There are two distinct points of entry.

Do not confuse the two.

Apollo


Now, I do not wish to put words into people’s mouths, particularly those that are no longer willing, or able, to respond however, in my opinion the two rabbit holes Apollo refers to are;


 1. Was Paul replaced?

 2. The Alice in Wonderland references in Pepper. 


Note that neither of these themes include Paul is Dead.


Pardon the intrusion...

The good sister quotes, "We all know James Paul is dead...duh!"

Well, what "we" know is that post '66 another face and voice appears, while another seems to vanish into the ether. Yet, we have no proof of an actual death. Only speculation.

It is still my stance that what information you need to connect the dots still remains hidden in plain sight.


Which seems to confirm Apollo’s belief in a replacement scenario, a theme I shall return to, but which also flags up an issue. Apollo states above that everything remains hidden in plain sight and frequently comments that there's nothing you can see that isn't shown.


I have to take exception to that; however, the main theme is that the Sgt. Pepper cover is a pictorial code that reveals an ‘Alice in Wonderland’ theme applied to the 1966 Beatle situation.
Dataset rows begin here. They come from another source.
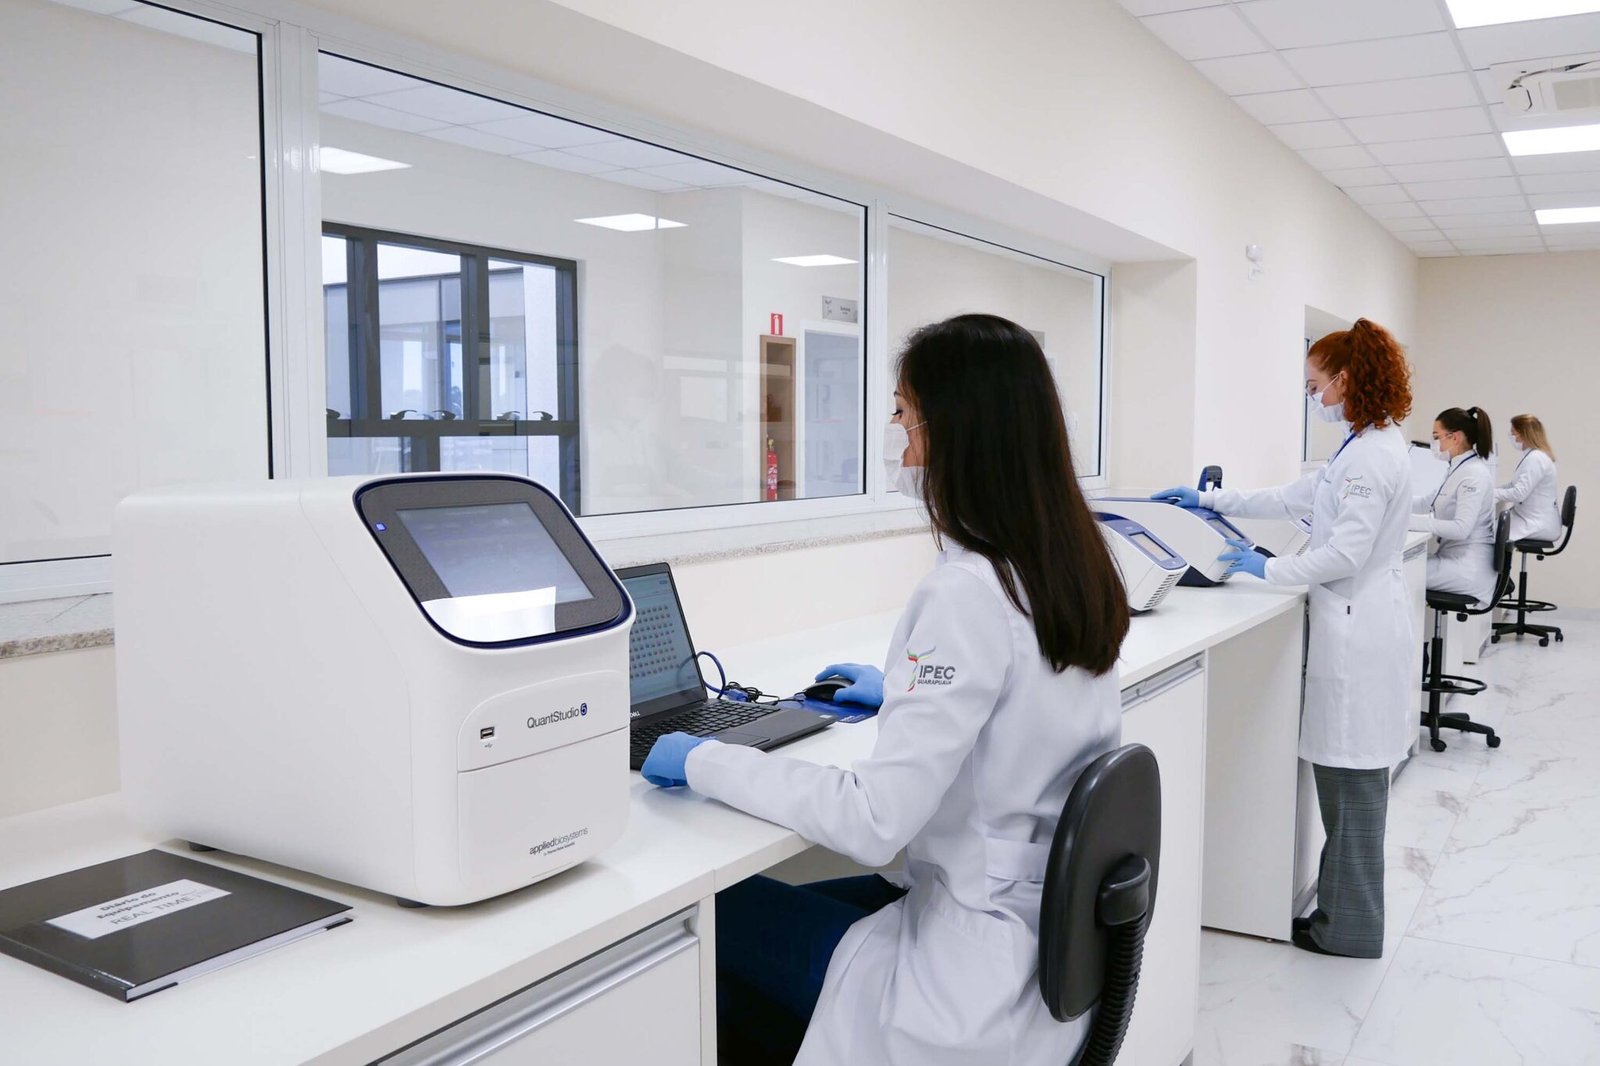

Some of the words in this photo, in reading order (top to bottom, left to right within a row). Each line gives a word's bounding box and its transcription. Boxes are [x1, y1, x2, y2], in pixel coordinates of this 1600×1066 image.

[1351, 484, 1371, 495] IPEC
[919, 665, 956, 680] IPEC
[526, 706, 580, 729] QuantStudio
[96, 892, 181, 919] Equipamento
[110, 910, 153, 925] REAL
[154, 896, 194, 911] TIME
But first I will return to my issue with the Apolloism that there is nothing you can see that isn't shown. Now, admittedly, there are two Paul McCartney’s on the cover of Pepper, but then there are two versions of all the Beatles on display; one wax and one real; but in disguise. So if the replacement scenario is to be taken seriously then quite how this is demonstrated conclusively on Pepper remains a mystery to me. Likewise, one of the primary ‘clues’ that Apollo refers to can only be found with the use of a mirror, so perhaps ‘plain sight’ was not the best terminology.


However, that Apollo promoted this replacement agenda is beyond dispute. Here are a selection of his posts;


There exist many who have played a part in this on-going drama. Some are dead, and some are living. Many have been mentioned in this forum. Some to a great extent, some merely in passing. It would stagger the mind in knowing just how many different souls it took to replace just "one."
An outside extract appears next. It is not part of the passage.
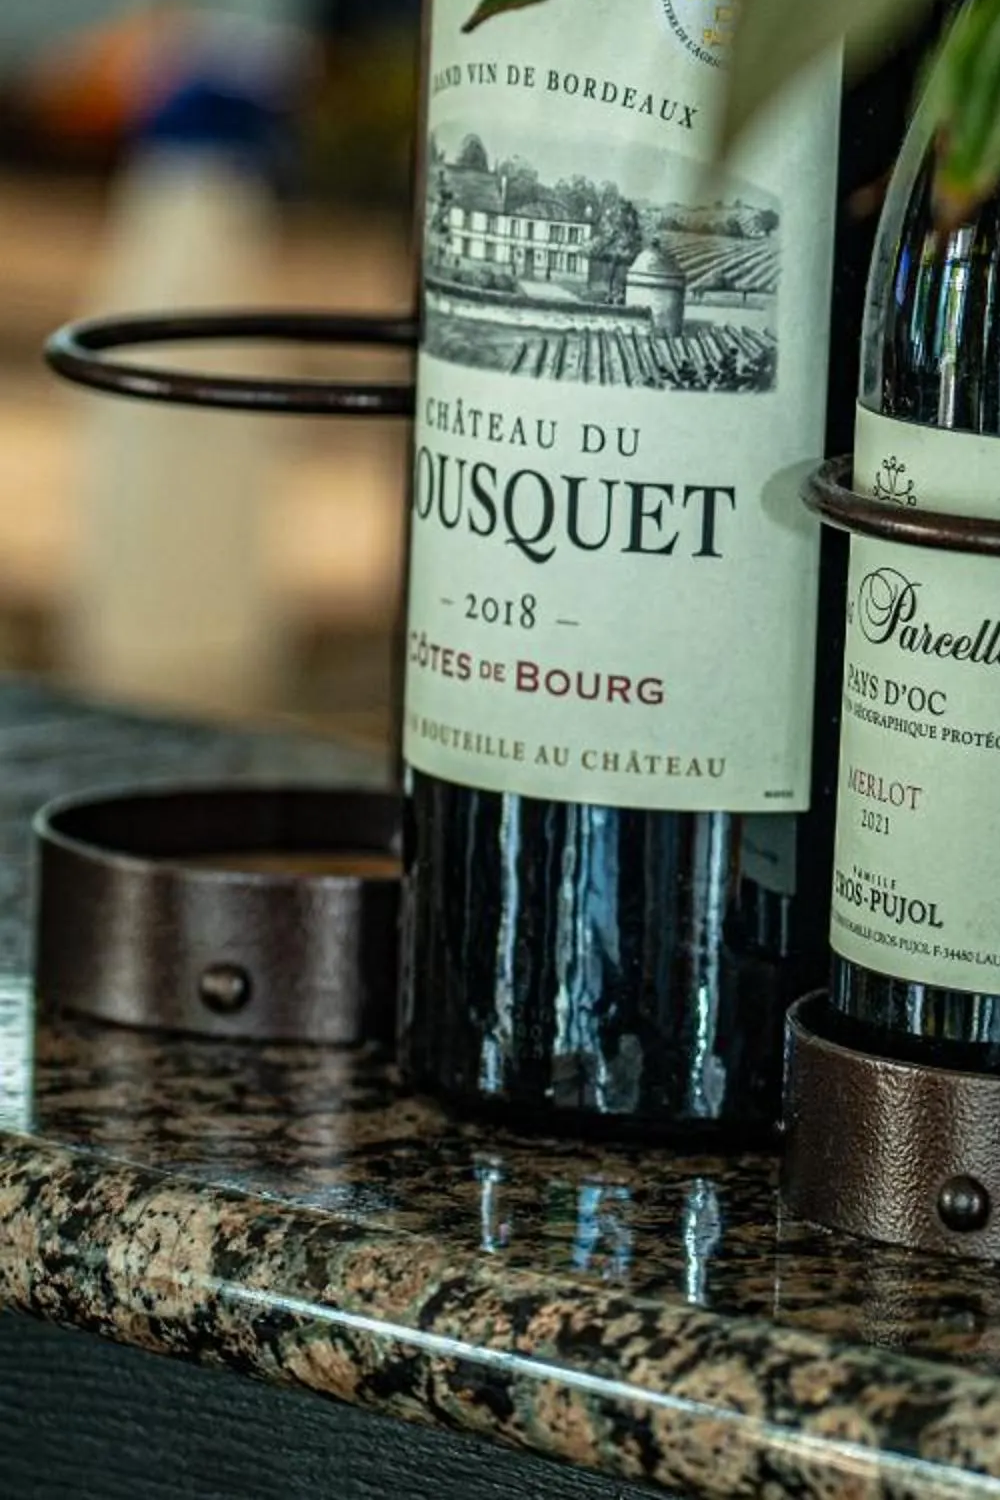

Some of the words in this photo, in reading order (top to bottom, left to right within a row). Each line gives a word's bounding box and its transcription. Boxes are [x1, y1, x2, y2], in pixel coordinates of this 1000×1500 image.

Some seen and not heard, some heard and not seen, while others pulled the strings to create such an elaborate dance.

What had been an easy fix, turned more complicated with time.

Billy did not invent Neil. Neil is an actual person with the position within Apple that history has recorded. No mystery here.

That is not saying that Neil was an innocent bystander in all of this. Just that the current line of thought is flawed way "beyond the beyond."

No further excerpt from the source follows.